> [Task details]: Each line below should be restated word for word.

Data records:

● ● ● ● ●

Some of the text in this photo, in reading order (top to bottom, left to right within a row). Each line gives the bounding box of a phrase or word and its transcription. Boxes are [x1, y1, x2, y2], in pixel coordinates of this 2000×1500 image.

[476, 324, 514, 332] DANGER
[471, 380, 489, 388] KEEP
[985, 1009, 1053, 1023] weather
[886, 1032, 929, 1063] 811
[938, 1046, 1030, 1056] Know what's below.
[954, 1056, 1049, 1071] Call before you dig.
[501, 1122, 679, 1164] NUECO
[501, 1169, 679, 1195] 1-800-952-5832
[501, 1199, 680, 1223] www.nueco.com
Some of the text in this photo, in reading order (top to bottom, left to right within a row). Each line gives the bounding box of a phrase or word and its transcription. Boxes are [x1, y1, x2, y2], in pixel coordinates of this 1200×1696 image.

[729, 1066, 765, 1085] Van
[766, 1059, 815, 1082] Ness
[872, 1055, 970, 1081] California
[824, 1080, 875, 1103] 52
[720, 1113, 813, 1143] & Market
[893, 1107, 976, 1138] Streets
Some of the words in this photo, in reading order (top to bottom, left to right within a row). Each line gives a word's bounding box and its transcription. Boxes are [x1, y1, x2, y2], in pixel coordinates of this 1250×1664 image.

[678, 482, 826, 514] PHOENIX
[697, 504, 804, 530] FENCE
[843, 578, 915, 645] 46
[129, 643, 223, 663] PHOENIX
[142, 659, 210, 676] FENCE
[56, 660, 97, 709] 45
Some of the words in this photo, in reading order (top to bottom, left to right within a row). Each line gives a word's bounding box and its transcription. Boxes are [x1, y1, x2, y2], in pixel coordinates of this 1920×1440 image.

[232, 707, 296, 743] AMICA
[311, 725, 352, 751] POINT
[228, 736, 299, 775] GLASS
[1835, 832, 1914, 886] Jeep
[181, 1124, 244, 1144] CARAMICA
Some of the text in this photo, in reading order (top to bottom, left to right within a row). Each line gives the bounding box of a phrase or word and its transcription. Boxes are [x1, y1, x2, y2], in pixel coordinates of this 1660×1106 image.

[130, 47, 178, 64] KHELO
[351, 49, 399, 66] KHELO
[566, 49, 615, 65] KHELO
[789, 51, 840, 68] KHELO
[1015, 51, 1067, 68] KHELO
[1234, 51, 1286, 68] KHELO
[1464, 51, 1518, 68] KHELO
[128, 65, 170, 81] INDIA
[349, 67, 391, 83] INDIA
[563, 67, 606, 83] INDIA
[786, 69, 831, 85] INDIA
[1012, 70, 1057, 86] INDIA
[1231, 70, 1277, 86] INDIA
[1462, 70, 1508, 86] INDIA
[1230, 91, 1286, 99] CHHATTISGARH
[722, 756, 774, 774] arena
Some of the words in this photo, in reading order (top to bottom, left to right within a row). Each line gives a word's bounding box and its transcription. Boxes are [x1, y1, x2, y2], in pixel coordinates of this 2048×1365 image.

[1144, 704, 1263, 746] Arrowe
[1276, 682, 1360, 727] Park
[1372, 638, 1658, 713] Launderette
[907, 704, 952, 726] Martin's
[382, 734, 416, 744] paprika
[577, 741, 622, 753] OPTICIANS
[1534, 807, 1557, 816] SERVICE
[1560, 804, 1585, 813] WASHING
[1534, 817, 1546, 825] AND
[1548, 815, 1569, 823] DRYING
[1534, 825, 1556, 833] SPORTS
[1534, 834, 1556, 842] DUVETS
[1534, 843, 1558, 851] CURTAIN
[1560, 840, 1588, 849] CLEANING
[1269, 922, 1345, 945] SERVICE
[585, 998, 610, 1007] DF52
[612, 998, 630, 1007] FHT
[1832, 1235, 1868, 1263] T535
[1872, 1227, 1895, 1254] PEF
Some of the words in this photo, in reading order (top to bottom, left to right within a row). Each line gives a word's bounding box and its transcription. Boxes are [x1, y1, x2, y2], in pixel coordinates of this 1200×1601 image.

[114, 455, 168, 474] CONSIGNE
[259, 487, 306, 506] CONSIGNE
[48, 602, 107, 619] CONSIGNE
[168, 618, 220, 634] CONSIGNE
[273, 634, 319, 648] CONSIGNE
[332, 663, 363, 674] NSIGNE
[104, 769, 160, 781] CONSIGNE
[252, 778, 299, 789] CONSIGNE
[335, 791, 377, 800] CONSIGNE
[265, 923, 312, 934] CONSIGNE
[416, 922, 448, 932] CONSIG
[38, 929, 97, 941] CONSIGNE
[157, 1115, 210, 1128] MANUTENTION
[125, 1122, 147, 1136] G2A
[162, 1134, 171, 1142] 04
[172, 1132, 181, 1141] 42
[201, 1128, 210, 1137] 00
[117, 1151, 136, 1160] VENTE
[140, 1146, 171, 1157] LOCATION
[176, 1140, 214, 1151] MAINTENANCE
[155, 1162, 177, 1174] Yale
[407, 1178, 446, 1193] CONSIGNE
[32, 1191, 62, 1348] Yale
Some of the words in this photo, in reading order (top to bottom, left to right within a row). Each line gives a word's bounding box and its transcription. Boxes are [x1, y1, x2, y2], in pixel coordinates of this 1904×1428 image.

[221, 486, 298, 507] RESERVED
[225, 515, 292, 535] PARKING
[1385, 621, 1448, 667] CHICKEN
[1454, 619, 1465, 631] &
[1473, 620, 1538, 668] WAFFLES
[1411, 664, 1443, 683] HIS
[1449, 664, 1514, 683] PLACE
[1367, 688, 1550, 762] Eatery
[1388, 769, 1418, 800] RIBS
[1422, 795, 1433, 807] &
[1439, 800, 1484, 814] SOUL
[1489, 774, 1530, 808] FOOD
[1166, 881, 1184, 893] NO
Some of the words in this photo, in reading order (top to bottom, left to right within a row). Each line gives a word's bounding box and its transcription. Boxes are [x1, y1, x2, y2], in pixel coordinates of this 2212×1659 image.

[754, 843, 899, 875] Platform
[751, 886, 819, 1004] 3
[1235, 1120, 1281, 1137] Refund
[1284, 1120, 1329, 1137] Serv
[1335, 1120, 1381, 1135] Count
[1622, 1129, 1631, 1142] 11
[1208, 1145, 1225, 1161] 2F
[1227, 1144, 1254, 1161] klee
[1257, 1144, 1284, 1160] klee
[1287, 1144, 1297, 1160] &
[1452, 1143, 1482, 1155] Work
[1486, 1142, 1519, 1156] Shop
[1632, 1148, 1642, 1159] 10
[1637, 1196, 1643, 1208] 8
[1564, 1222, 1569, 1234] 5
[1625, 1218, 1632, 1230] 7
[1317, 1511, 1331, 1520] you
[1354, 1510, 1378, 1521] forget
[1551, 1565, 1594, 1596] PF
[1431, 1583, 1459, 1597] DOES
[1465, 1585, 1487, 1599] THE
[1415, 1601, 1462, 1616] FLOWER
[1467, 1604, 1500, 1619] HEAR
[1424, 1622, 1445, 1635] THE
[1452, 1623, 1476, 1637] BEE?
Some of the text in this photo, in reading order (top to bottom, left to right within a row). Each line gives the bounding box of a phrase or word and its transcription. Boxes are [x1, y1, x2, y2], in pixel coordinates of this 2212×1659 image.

● ● ● ● ●

> [Answer box]:
Some of the text in this photo, in reading order (top to bottom, left to right within a row). Each line gives the bounding box of a phrase or word and its transcription. Boxes are [x1, y1, x2, y2], in pixel coordinates of this 2000×1500 image.

[476, 324, 514, 332] DANGER
[471, 380, 489, 388] KEEP
[985, 1009, 1053, 1023] weather
[886, 1032, 929, 1063] 811
[938, 1046, 1030, 1056] Know what's below.
[954, 1056, 1049, 1071] Call before you dig.
[501, 1122, 679, 1164] NUECO
[501, 1169, 679, 1195] 1-800-952-5832
[501, 1199, 680, 1223] www.nueco.com
Some of the text in this photo, in reading order (top to bottom, left to right within a row). Each line gives the bounding box of a phrase or word and its transcription. Boxes are [x1, y1, x2, y2], in pixel coordinates of this 1200×1696 image.

[729, 1066, 765, 1085] Van
[766, 1059, 815, 1082] Ness
[872, 1055, 970, 1081] California
[824, 1080, 875, 1103] 52
[720, 1113, 813, 1143] & Market
[893, 1107, 976, 1138] Streets
Some of the words in this photo, in reading order (top to bottom, left to right within a row). Each line gives a word's bounding box and its transcription. Boxes are [x1, y1, x2, y2], in pixel coordinates of this 1250×1664 image.

[678, 482, 826, 514] PHOENIX
[697, 504, 804, 530] FENCE
[843, 578, 915, 645] 46
[129, 643, 223, 663] PHOENIX
[142, 659, 210, 676] FENCE
[56, 660, 97, 709] 45
Some of the words in this photo, in reading order (top to bottom, left to right within a row). Each line gives a word's bounding box and its transcription. Boxes are [x1, y1, x2, y2], in pixel coordinates of this 1920×1440 image.

[232, 707, 296, 743] AMICA
[311, 725, 352, 751] POINT
[228, 736, 299, 775] GLASS
[1835, 832, 1914, 886] Jeep
[181, 1124, 244, 1144] CARAMICA
Some of the text in this photo, in reading order (top to bottom, left to right within a row). Each line gives the bounding box of a phrase or word and its transcription. Boxes are [x1, y1, x2, y2], in pixel coordinates of this 1660×1106 image.

[130, 47, 178, 64] KHELO
[351, 49, 399, 66] KHELO
[566, 49, 615, 65] KHELO
[789, 51, 840, 68] KHELO
[1015, 51, 1067, 68] KHELO
[1234, 51, 1286, 68] KHELO
[1464, 51, 1518, 68] KHELO
[128, 65, 170, 81] INDIA
[349, 67, 391, 83] INDIA
[563, 67, 606, 83] INDIA
[786, 69, 831, 85] INDIA
[1012, 70, 1057, 86] INDIA
[1231, 70, 1277, 86] INDIA
[1462, 70, 1508, 86] INDIA
[1230, 91, 1286, 99] CHHATTISGARH
[722, 756, 774, 774] arena
Some of the words in this photo, in reading order (top to bottom, left to right within a row). Each line gives a word's bounding box and its transcription. Boxes are [x1, y1, x2, y2], in pixel coordinates of this 2048×1365 image.

[1144, 704, 1263, 746] Arrowe
[1276, 682, 1360, 727] Park
[1372, 638, 1658, 713] Launderette
[907, 704, 952, 726] Martin's
[382, 734, 416, 744] paprika
[577, 741, 622, 753] OPTICIANS
[1534, 807, 1557, 816] SERVICE
[1560, 804, 1585, 813] WASHING
[1534, 817, 1546, 825] AND
[1548, 815, 1569, 823] DRYING
[1534, 825, 1556, 833] SPORTS
[1534, 834, 1556, 842] DUVETS
[1534, 843, 1558, 851] CURTAIN
[1560, 840, 1588, 849] CLEANING
[1269, 922, 1345, 945] SERVICE
[585, 998, 610, 1007] DF52
[612, 998, 630, 1007] FHT
[1832, 1235, 1868, 1263] T535
[1872, 1227, 1895, 1254] PEF
Some of the words in this photo, in reading order (top to bottom, left to right within a row). Each line gives a word's bounding box and its transcription. Boxes are [x1, y1, x2, y2], in pixel coordinates of this 1200×1601 image.

[114, 455, 168, 474] CONSIGNE
[259, 487, 306, 506] CONSIGNE
[48, 602, 107, 619] CONSIGNE
[168, 618, 220, 634] CONSIGNE
[273, 634, 319, 648] CONSIGNE
[332, 663, 363, 674] NSIGNE
[104, 769, 160, 781] CONSIGNE
[252, 778, 299, 789] CONSIGNE
[335, 791, 377, 800] CONSIGNE
[265, 923, 312, 934] CONSIGNE
[416, 922, 448, 932] CONSIG
[38, 929, 97, 941] CONSIGNE
[157, 1115, 210, 1128] MANUTENTION
[125, 1122, 147, 1136] G2A
[162, 1134, 171, 1142] 04
[172, 1132, 181, 1141] 42
[201, 1128, 210, 1137] 00
[117, 1151, 136, 1160] VENTE
[140, 1146, 171, 1157] LOCATION
[176, 1140, 214, 1151] MAINTENANCE
[155, 1162, 177, 1174] Yale
[407, 1178, 446, 1193] CONSIGNE
[32, 1191, 62, 1348] Yale
Some of the words in this photo, in reading order (top to bottom, left to right within a row). Each line gives a word's bounding box and its transcription. Boxes are [x1, y1, x2, y2], in pixel coordinates of this 1904×1428 image.

[221, 486, 298, 507] RESERVED
[225, 515, 292, 535] PARKING
[1385, 621, 1448, 667] CHICKEN
[1454, 619, 1465, 631] &
[1473, 620, 1538, 668] WAFFLES
[1411, 664, 1443, 683] HIS
[1449, 664, 1514, 683] PLACE
[1367, 688, 1550, 762] Eatery
[1388, 769, 1418, 800] RIBS
[1422, 795, 1433, 807] &
[1439, 800, 1484, 814] SOUL
[1489, 774, 1530, 808] FOOD
[1166, 881, 1184, 893] NO
Some of the words in this photo, in reading order (top to bottom, left to right within a row). Each line gives a word's bounding box and its transcription. Boxes are [x1, y1, x2, y2], in pixel coordinates of this 2212×1659 image.

[754, 843, 899, 875] Platform
[751, 886, 819, 1004] 3
[1235, 1120, 1281, 1137] Refund
[1284, 1120, 1329, 1137] Serv
[1335, 1120, 1381, 1135] Count
[1622, 1129, 1631, 1142] 11
[1208, 1145, 1225, 1161] 2F
[1227, 1144, 1254, 1161] klee
[1257, 1144, 1284, 1160] klee
[1287, 1144, 1297, 1160] &
[1452, 1143, 1482, 1155] Work
[1486, 1142, 1519, 1156] Shop
[1632, 1148, 1642, 1159] 10
[1637, 1196, 1643, 1208] 8
[1564, 1222, 1569, 1234] 5
[1625, 1218, 1632, 1230] 7
[1317, 1511, 1331, 1520] you
[1354, 1510, 1378, 1521] forget
[1551, 1565, 1594, 1596] PF
[1431, 1583, 1459, 1597] DOES
[1465, 1585, 1487, 1599] THE
[1415, 1601, 1462, 1616] FLOWER
[1467, 1604, 1500, 1619] HEAR
[1424, 1622, 1445, 1635] THE
[1452, 1623, 1476, 1637] BEE?
Some of the text in this photo, in reading order (top to bottom, left to right within a row). Each line gives the bounding box of a phrase or word and its transcription. Boxes are [x1, y1, x2, y2], in pixel coordinates of this 2212×1659 image.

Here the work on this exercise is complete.